Em uma análise global, a situação também se mostra crítica. Segundo levantamento da consultoria McKinsey, a construção civil é o segundo setor menos impactado por inovações tecnológicas em todo o mundo — atrás apenas da pesca. No Brasil, estudos do Sinduscon em parceria com a Fundação Getulio Vargas (FGV) indicam que a produtividade da construção civil é 30% inferior à de países com condições econômicas similares.
Diante desse cenário, a industrialização da construção civil surge como uma alternativa estratégica. Entre as soluções disponíveis, destaca-se o sistema light steel frame, que já acumula mais de 2 milhões de metros quadrados projetados e comercializados no país. Essa tecnologia substitui etapas tradicionais por componentes pré-fabricados e industrializados, o que permite maior controle de qualidade, redução de prazos, menor desperdício e maior produtividade no canteiro de obras.

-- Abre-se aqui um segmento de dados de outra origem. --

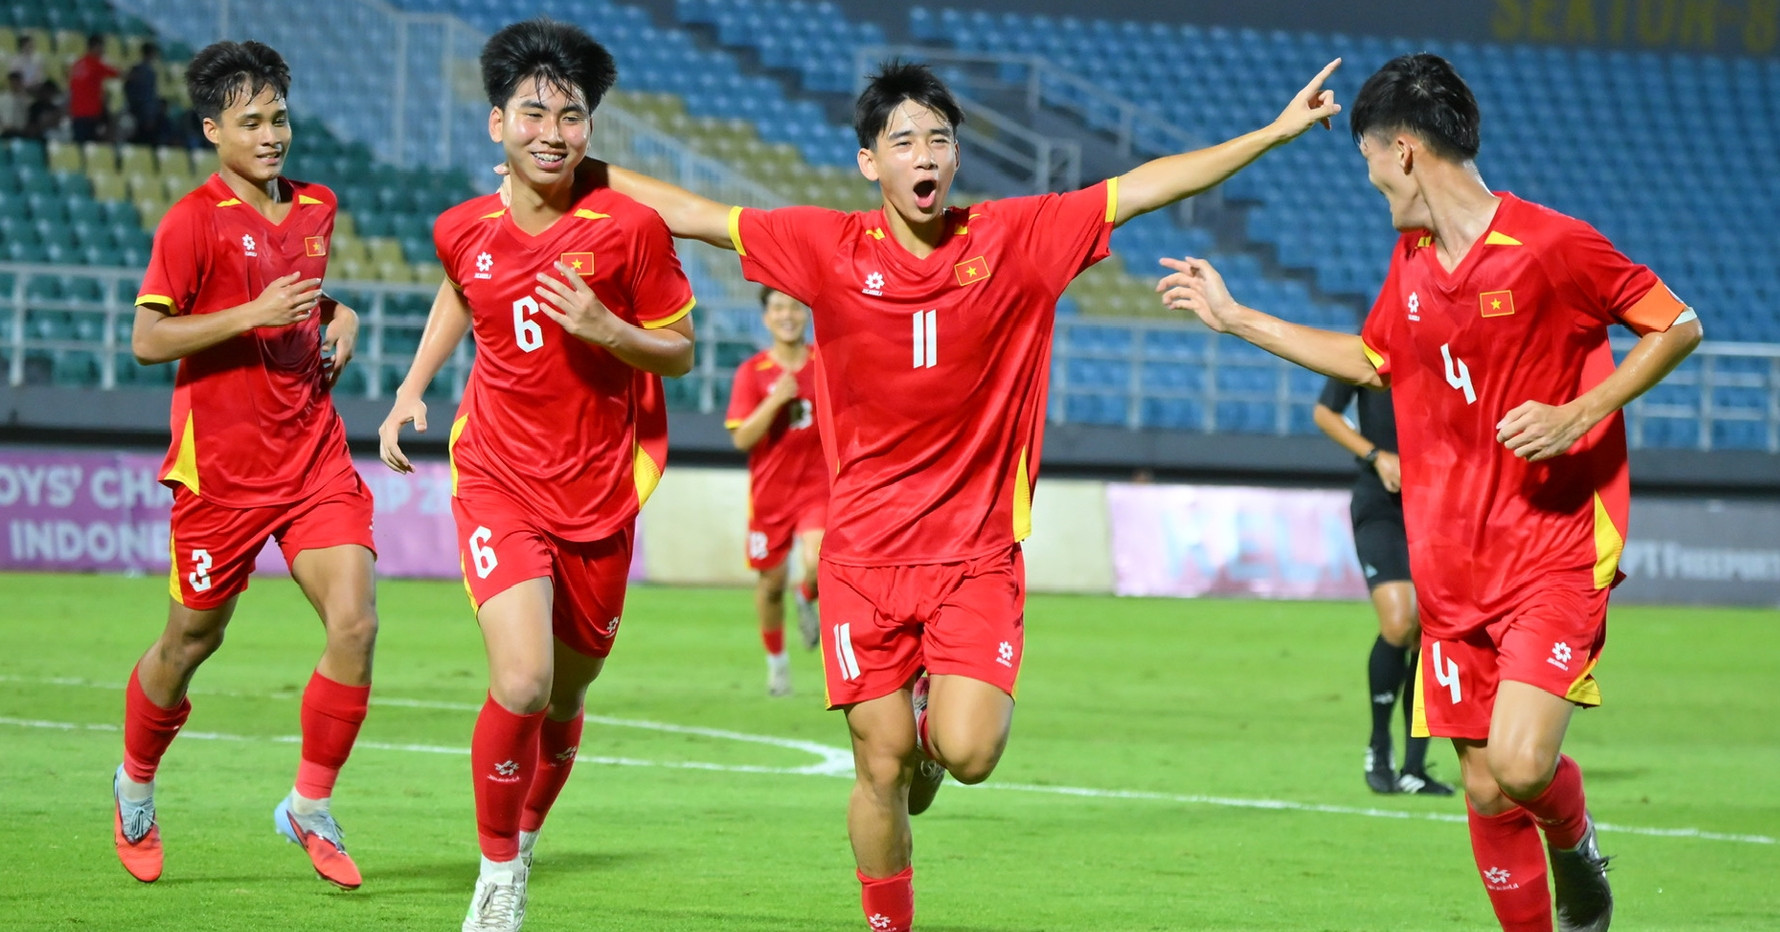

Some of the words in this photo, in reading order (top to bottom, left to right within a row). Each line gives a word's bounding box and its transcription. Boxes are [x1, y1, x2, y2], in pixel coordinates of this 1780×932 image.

[513, 295, 544, 353] 6
[912, 309, 937, 369] 11
[1440, 343, 1477, 405] 4
[189, 549, 213, 592] 3
[469, 526, 498, 579] 6
[834, 622, 861, 681] 11
[1432, 641, 1462, 705] 4

O sistema também possibilita a execução simultânea de diferentes fases da obra, o que reduz significativamente retrabalhos e atrasos — problemas recorrentes no modelo convencional. Além disso, contribui para práticas mais sustentáveis, com menor impacto ambiental e uso mais racional dos recursos naturais.
A superação do déficit habitacional e dos entraves produtivos na construção civil depende da adoção de soluções tecnológicas e sustentáveis. A modernização do setor é um passo essencial para atender às demandas habitacionais do país e alinhar a atividade aos desafios contemporâneos de produtividade e responsabilidade ambiental.